I'm creating a system which will spawn a lot of worker tasks and in some point of my app I'm doing a Task.WaitAny to retrieve the first finished task.
My concern is about how many tasks can I send to WaitAny, I know WaitHandle's WaitAny/All only can support up to 64 wait handles and I'm not sure if the underlying mechanism on Task.WaitAny uses internally wait handles to wait for a finished task and thus these limits apply to them.
Is there any limit to how many tasks can be passed to Task.WaitAny like with WaitHandles or there's no limit?
Cheers.
From what I see, it internally works by chaining a continuation to all the tasks: http://referencesource.microsoft.com/#mscorlib/system/threading/Tasks/TaskFactory.cs,db51a91904616672
(with internal optimizations, as well as some code to handle the racing condition when multiple tasks end at once)
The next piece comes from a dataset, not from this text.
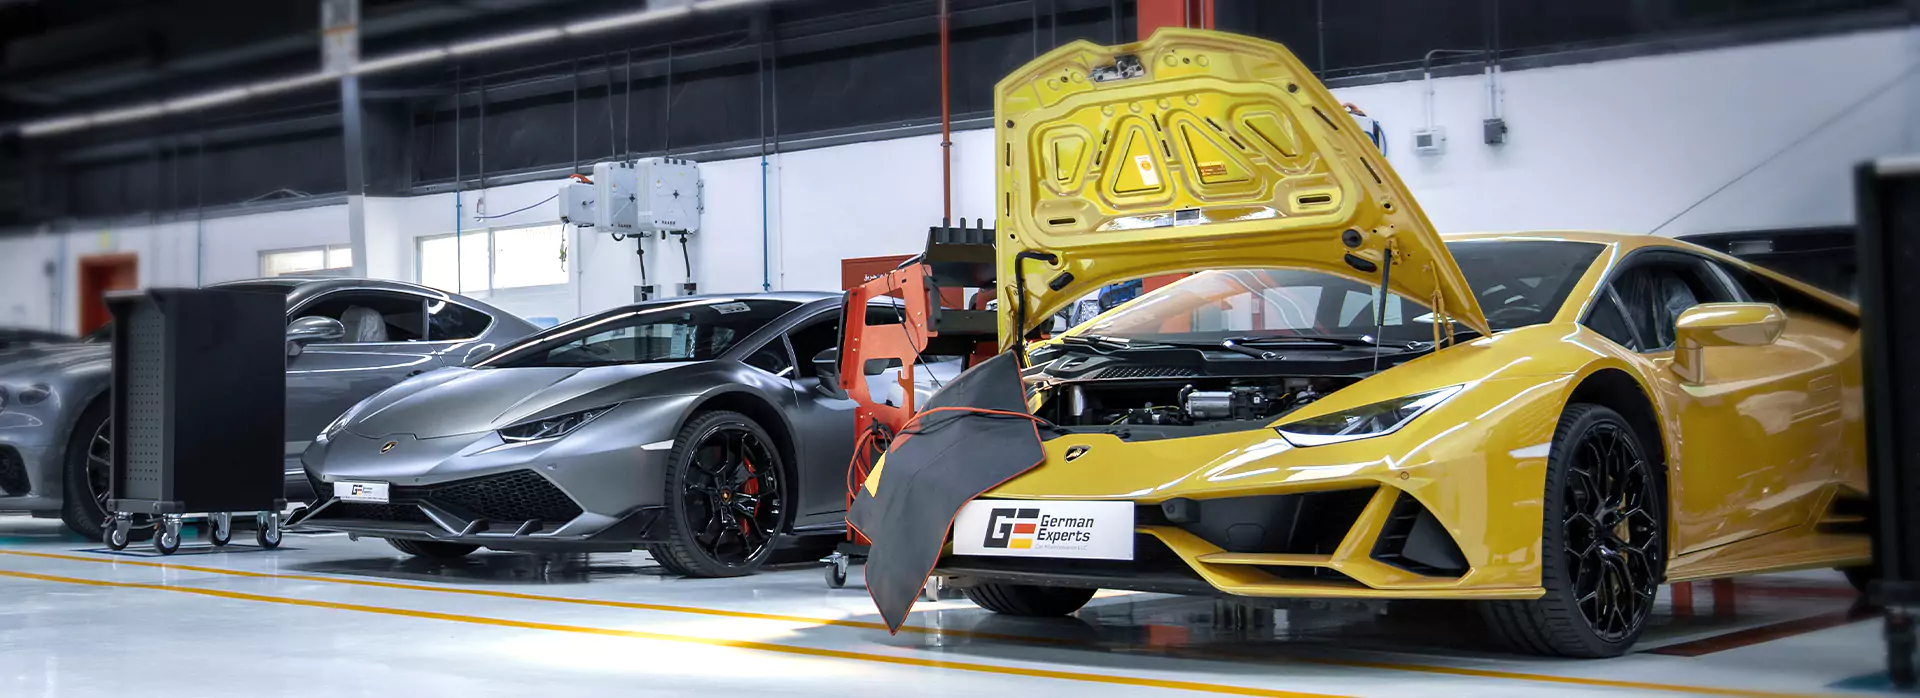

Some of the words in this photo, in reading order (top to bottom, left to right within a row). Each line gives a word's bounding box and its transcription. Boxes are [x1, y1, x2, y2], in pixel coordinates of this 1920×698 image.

[983, 508, 1040, 548] GE
[1040, 515, 1094, 528] German
[1037, 528, 1091, 543] Experts
Therefore, the limitations on WaitHandles shouldn't apply here.
Internally Task.WaitAny
is calling TaskFactory.CommonCWAnyLogic
which is scheduling a continuation on each task you pass in, that continuation marks which index in the array it was and allows the task to complete. It uses the inernal class CompleteOnInvokePromise
which could be thought of as kind of a specialized TaskCompletionSource
.
Because it is using task continuations and not wait handles the wait handle limit should not apply.